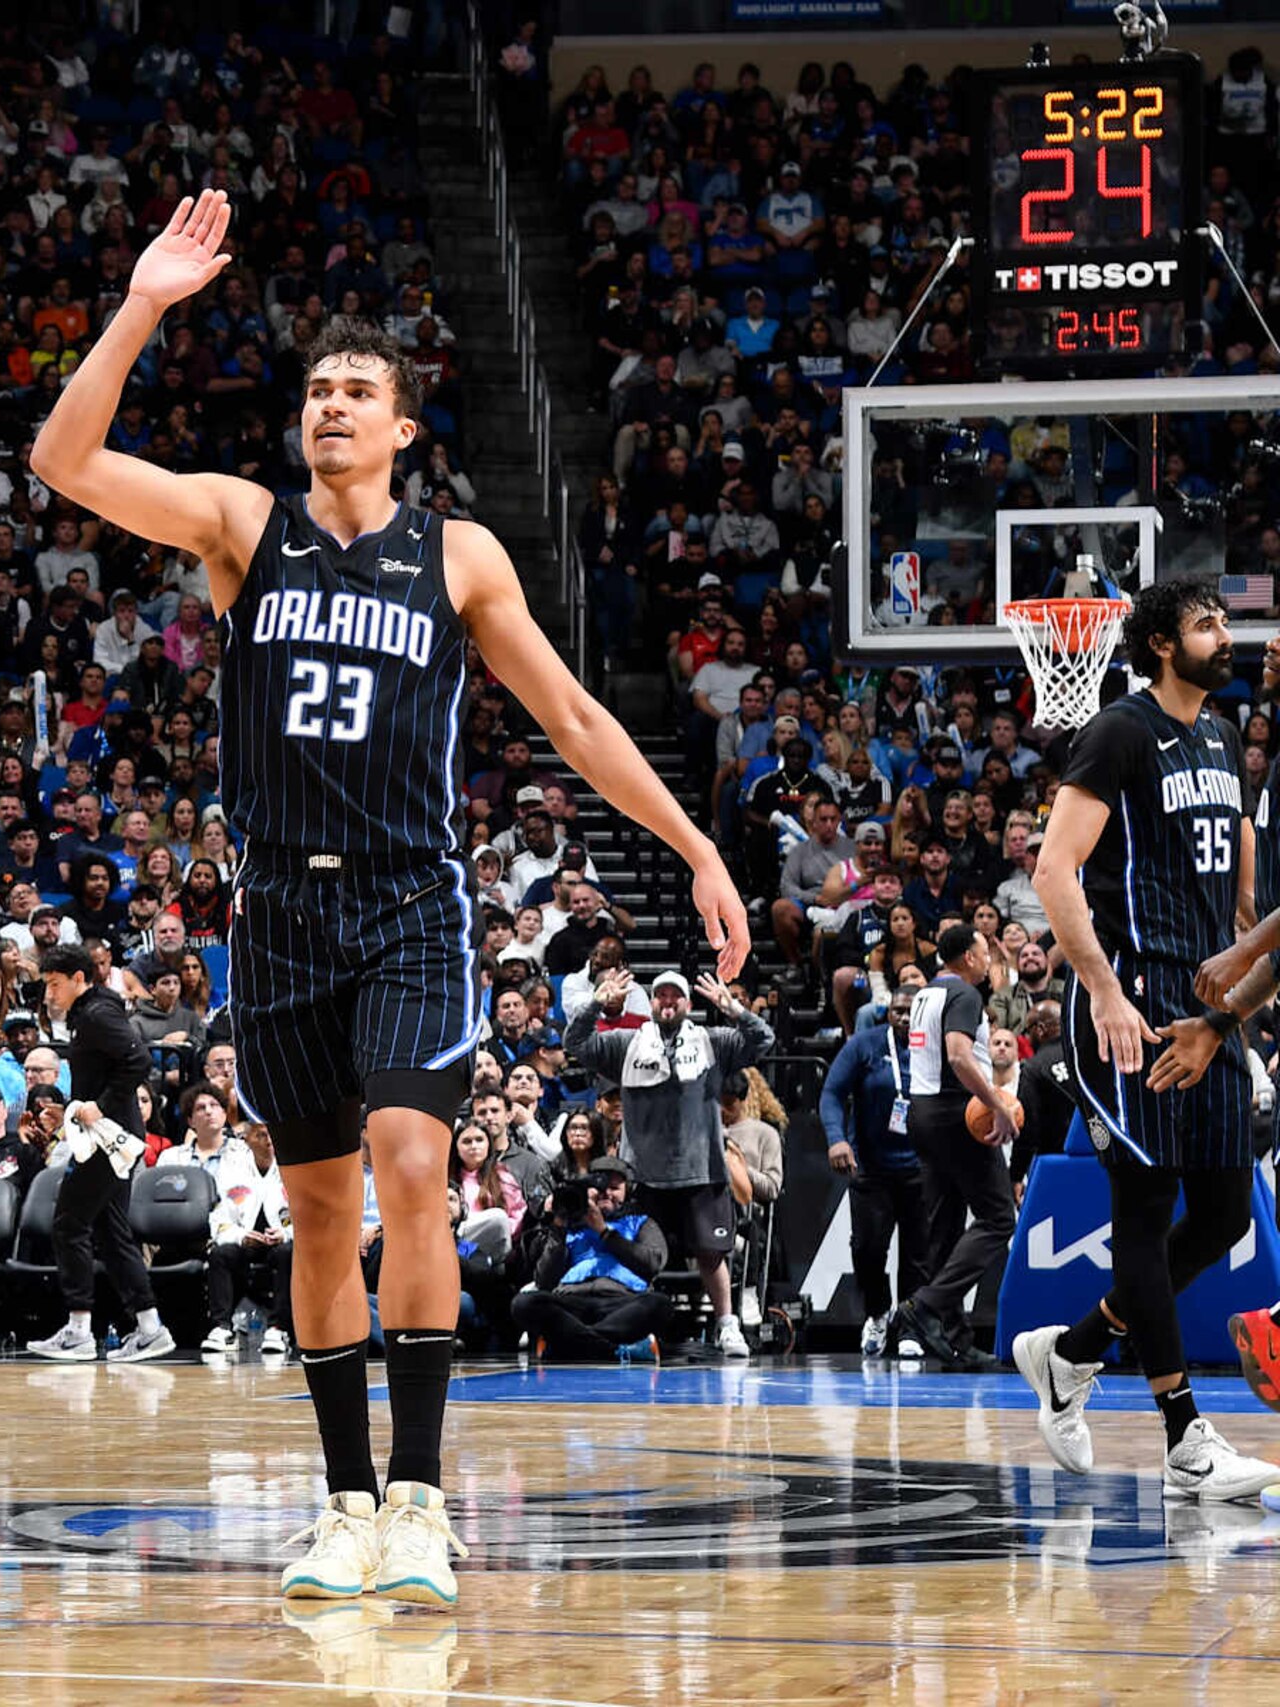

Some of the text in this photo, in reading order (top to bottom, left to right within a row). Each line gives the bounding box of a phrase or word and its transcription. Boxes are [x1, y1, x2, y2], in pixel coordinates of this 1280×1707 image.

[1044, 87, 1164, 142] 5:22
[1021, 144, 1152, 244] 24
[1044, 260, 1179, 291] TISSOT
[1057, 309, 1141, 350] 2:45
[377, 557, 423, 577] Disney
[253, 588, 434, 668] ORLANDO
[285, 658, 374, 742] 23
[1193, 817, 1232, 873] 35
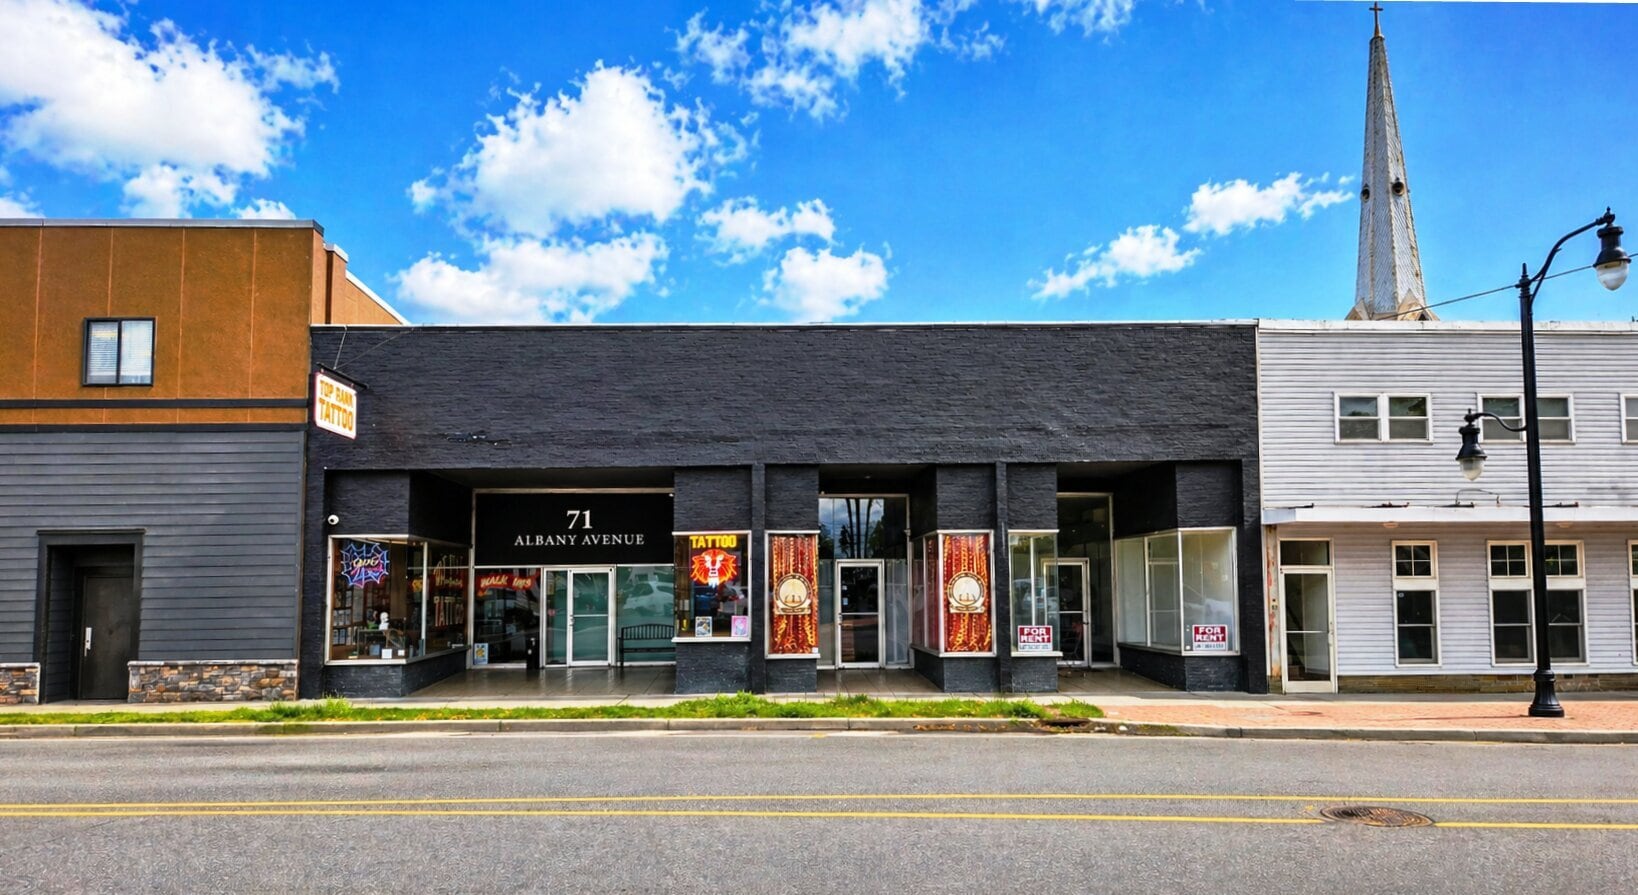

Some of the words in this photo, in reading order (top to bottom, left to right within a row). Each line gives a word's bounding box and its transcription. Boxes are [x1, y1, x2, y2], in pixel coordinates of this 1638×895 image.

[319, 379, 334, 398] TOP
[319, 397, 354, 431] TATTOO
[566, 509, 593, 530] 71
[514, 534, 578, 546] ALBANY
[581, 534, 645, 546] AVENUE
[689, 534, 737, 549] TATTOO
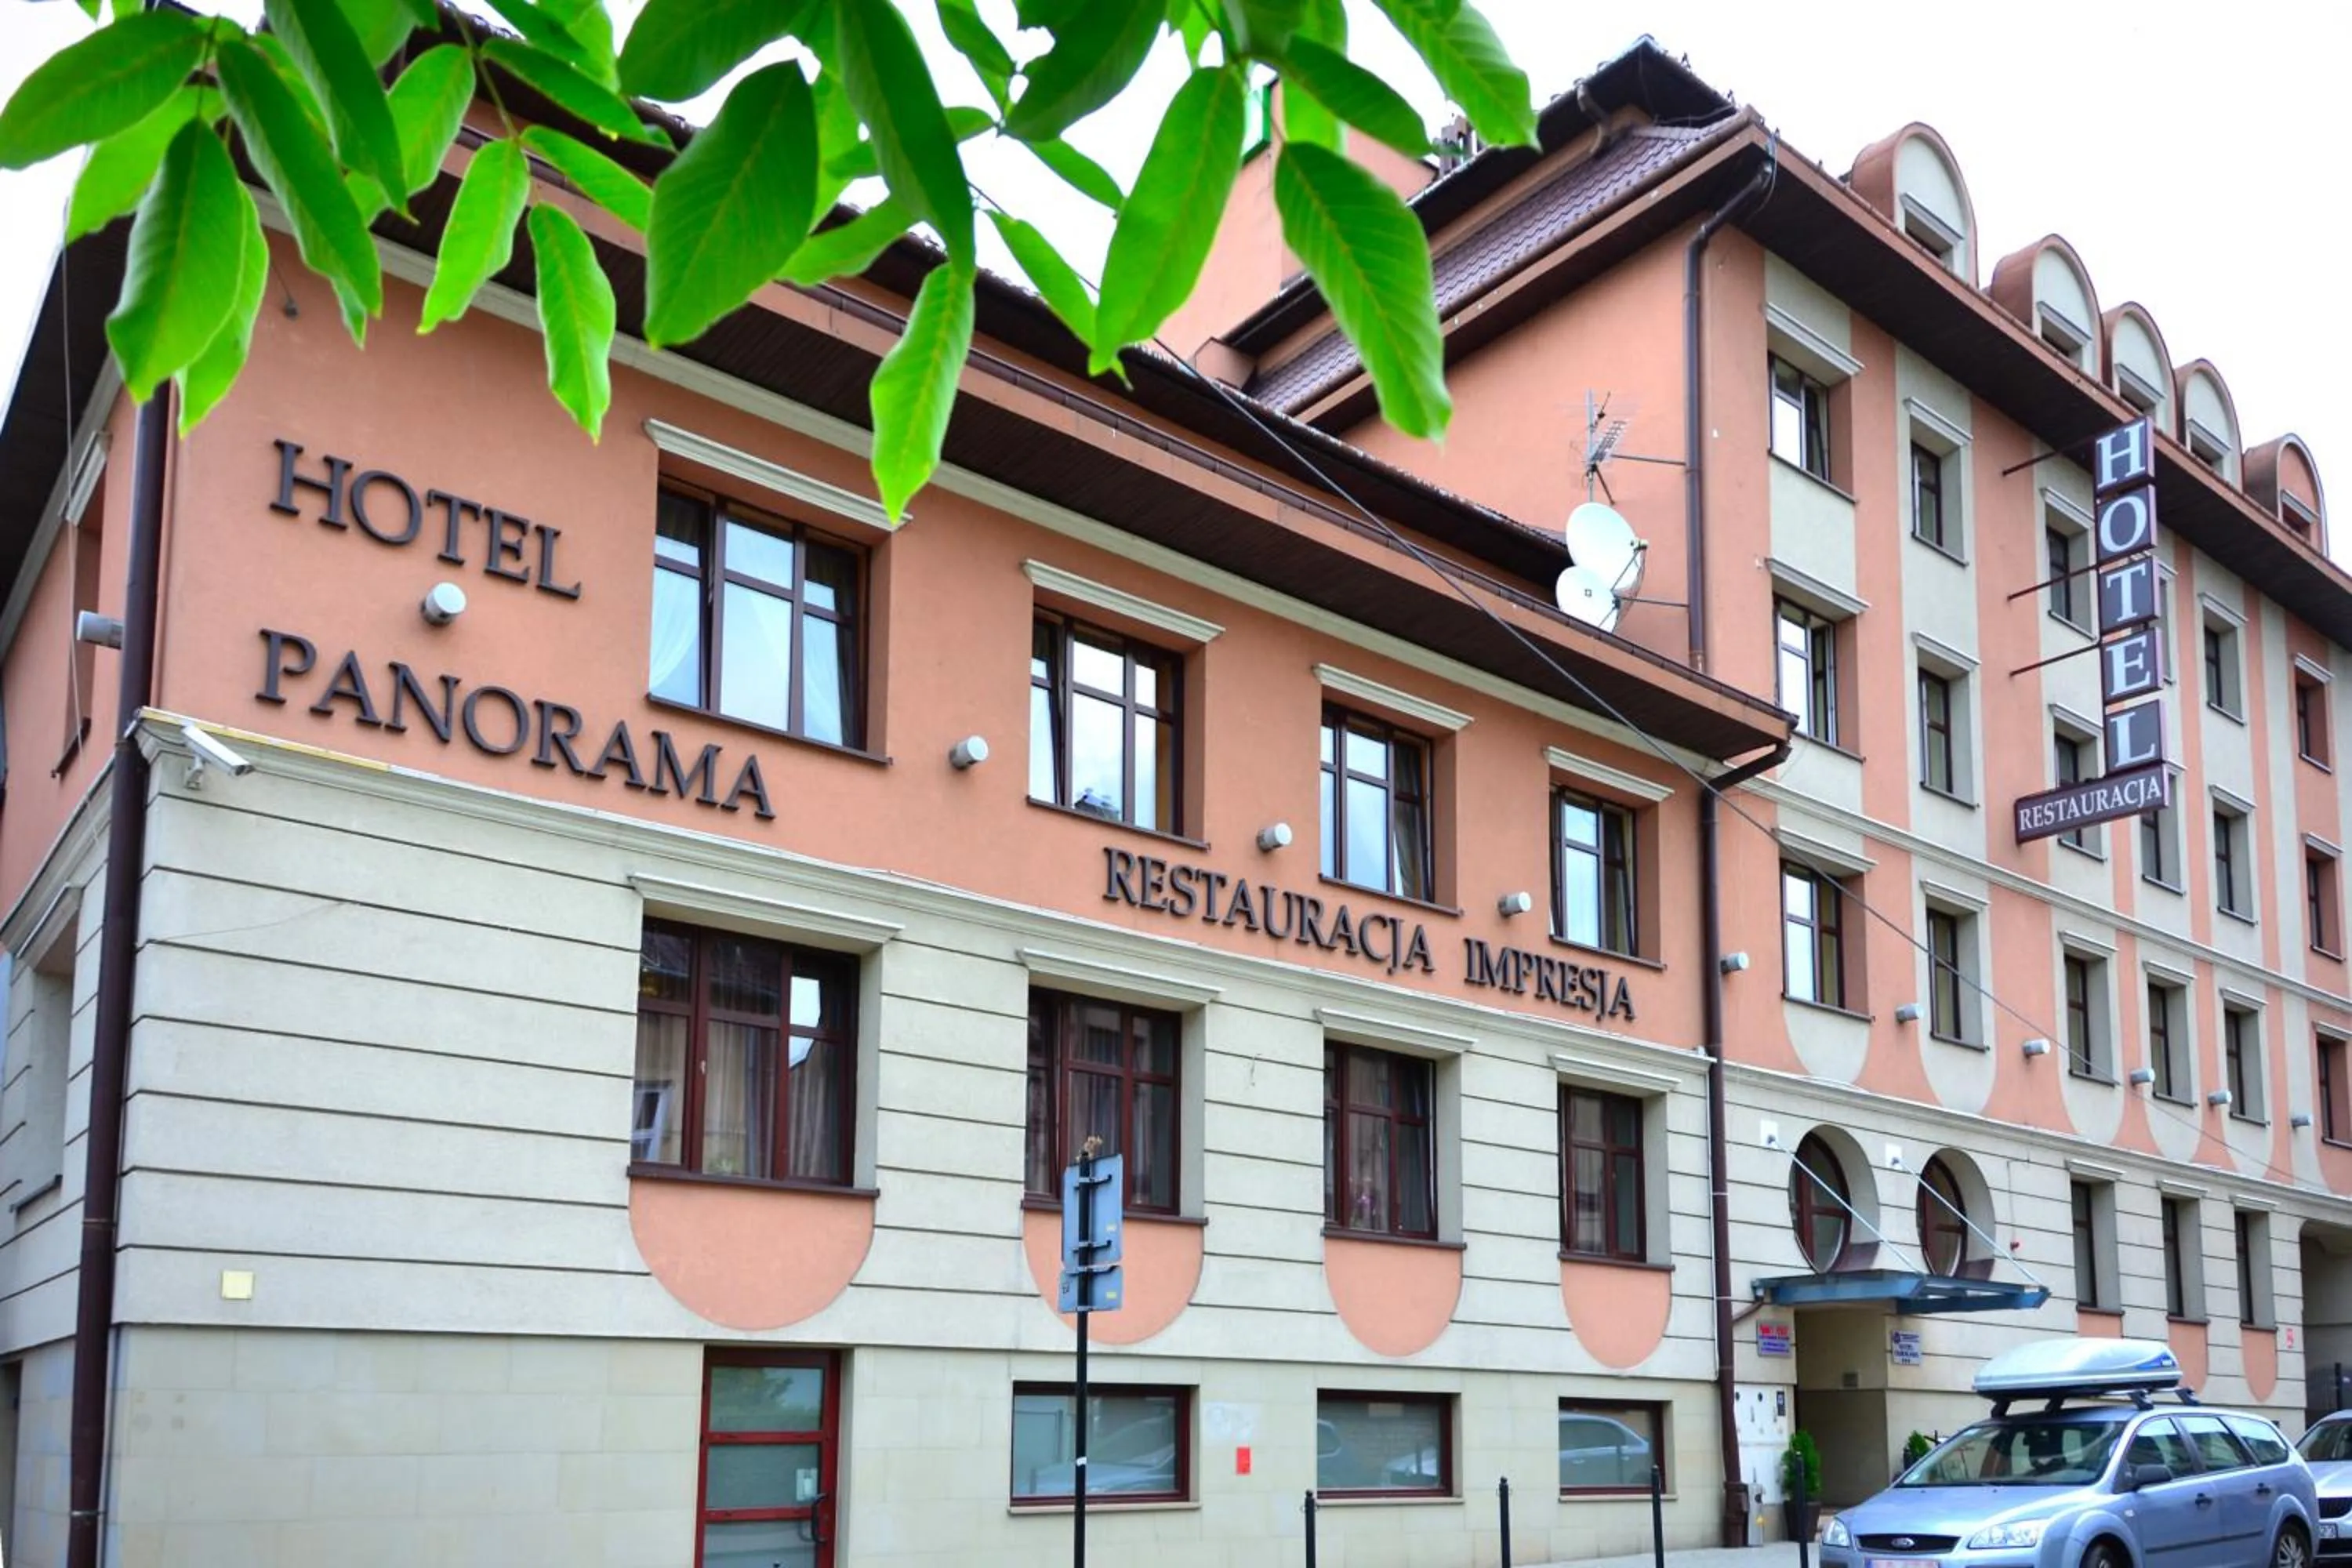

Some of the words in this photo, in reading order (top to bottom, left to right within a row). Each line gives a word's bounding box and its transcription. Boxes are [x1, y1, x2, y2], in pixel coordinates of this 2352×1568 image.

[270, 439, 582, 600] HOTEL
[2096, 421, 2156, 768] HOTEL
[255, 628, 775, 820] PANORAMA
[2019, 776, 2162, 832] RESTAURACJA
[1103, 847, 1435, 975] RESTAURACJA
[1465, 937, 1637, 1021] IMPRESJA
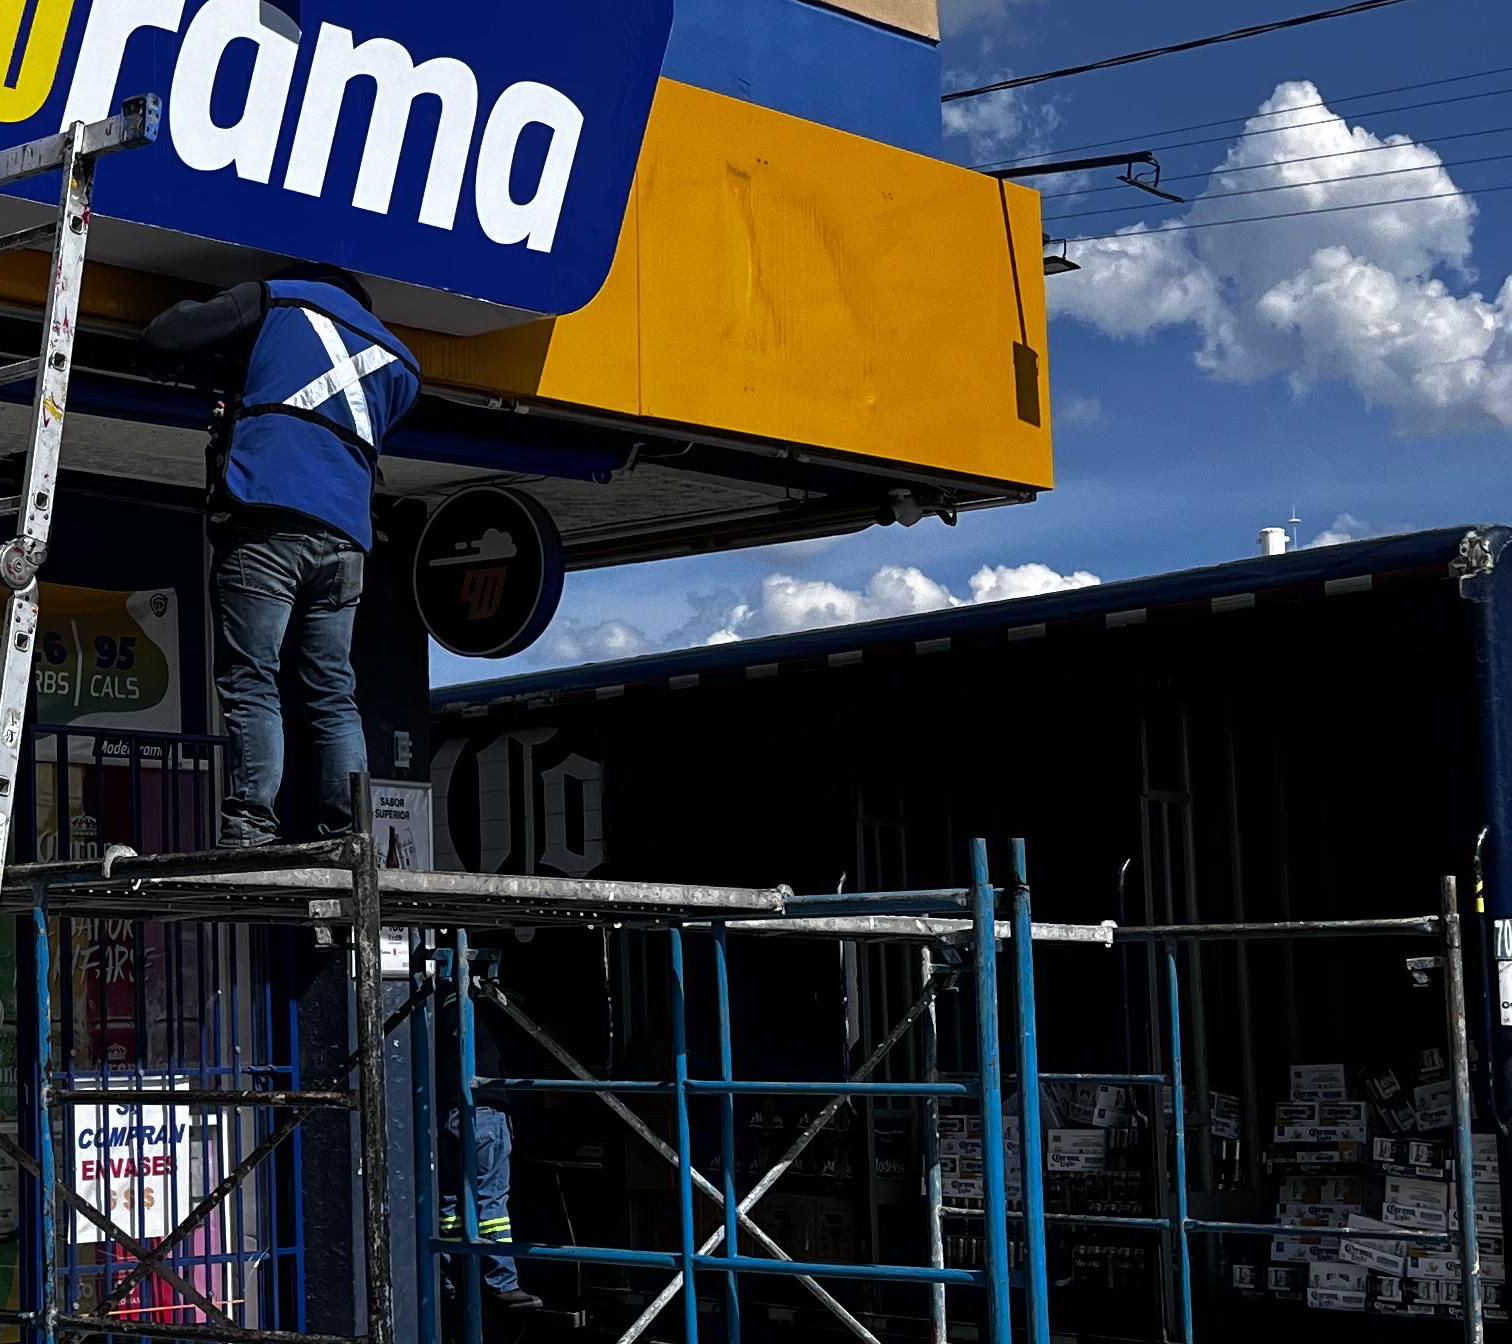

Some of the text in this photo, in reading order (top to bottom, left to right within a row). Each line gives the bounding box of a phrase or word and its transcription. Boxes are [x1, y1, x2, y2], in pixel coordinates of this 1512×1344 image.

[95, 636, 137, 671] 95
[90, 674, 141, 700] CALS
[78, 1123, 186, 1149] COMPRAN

=-=-=-=-=

** Exercise goal **
Your answer should be every entry repeated exactly, minus the pictures.

** Problem solution **
Some of the text in this photo, in reading order (top to bottom, left to right within a row). Each line gives the bounding box of a phrase or word and its transcription. Boxes are [x1, y1, x2, y2], in pixel coordinates of this 1280×1707 image.

[1044, 87, 1164, 142] 5:22
[1021, 144, 1152, 244] 24
[1044, 260, 1179, 291] TISSOT
[1057, 309, 1141, 350] 2:45
[377, 557, 423, 577] Disney
[253, 588, 434, 668] ORLANDO
[285, 658, 374, 742] 23
[1193, 817, 1232, 873] 35

Some of the words in this photo, in reading order (top to bottom, left to right within a row). Each line gives a word's bounding box and its transcription. Boxes are [x1, y1, x2, y2], in pixel coordinates of this 1638×895 image.

[319, 379, 334, 398] TOP
[319, 397, 354, 431] TATTOO
[566, 509, 593, 530] 71
[514, 534, 578, 546] ALBANY
[581, 534, 645, 546] AVENUE
[689, 534, 737, 549] TATTOO

Some of the words in this photo, in reading order (top to bottom, left to right within a row). Each line gives a word's bounding box and its transcription. Boxes are [x1, y1, x2, y2], in pixel coordinates of this 2352×1568 image.

[270, 439, 582, 600] HOTEL
[2096, 421, 2156, 768] HOTEL
[255, 628, 775, 820] PANORAMA
[2019, 776, 2162, 832] RESTAURACJA
[1103, 847, 1435, 975] RESTAURACJA
[1465, 937, 1637, 1021] IMPRESJA

Some of the text in this photo, in reading order (top to bottom, left to right within a row). Each line gives the bounding box of a phrase or word and its transcription. Boxes are [x1, y1, x2, y2], in pixel coordinates of this 1512×1344 image.

[95, 636, 137, 671] 95
[90, 674, 141, 700] CALS
[78, 1123, 186, 1149] COMPRAN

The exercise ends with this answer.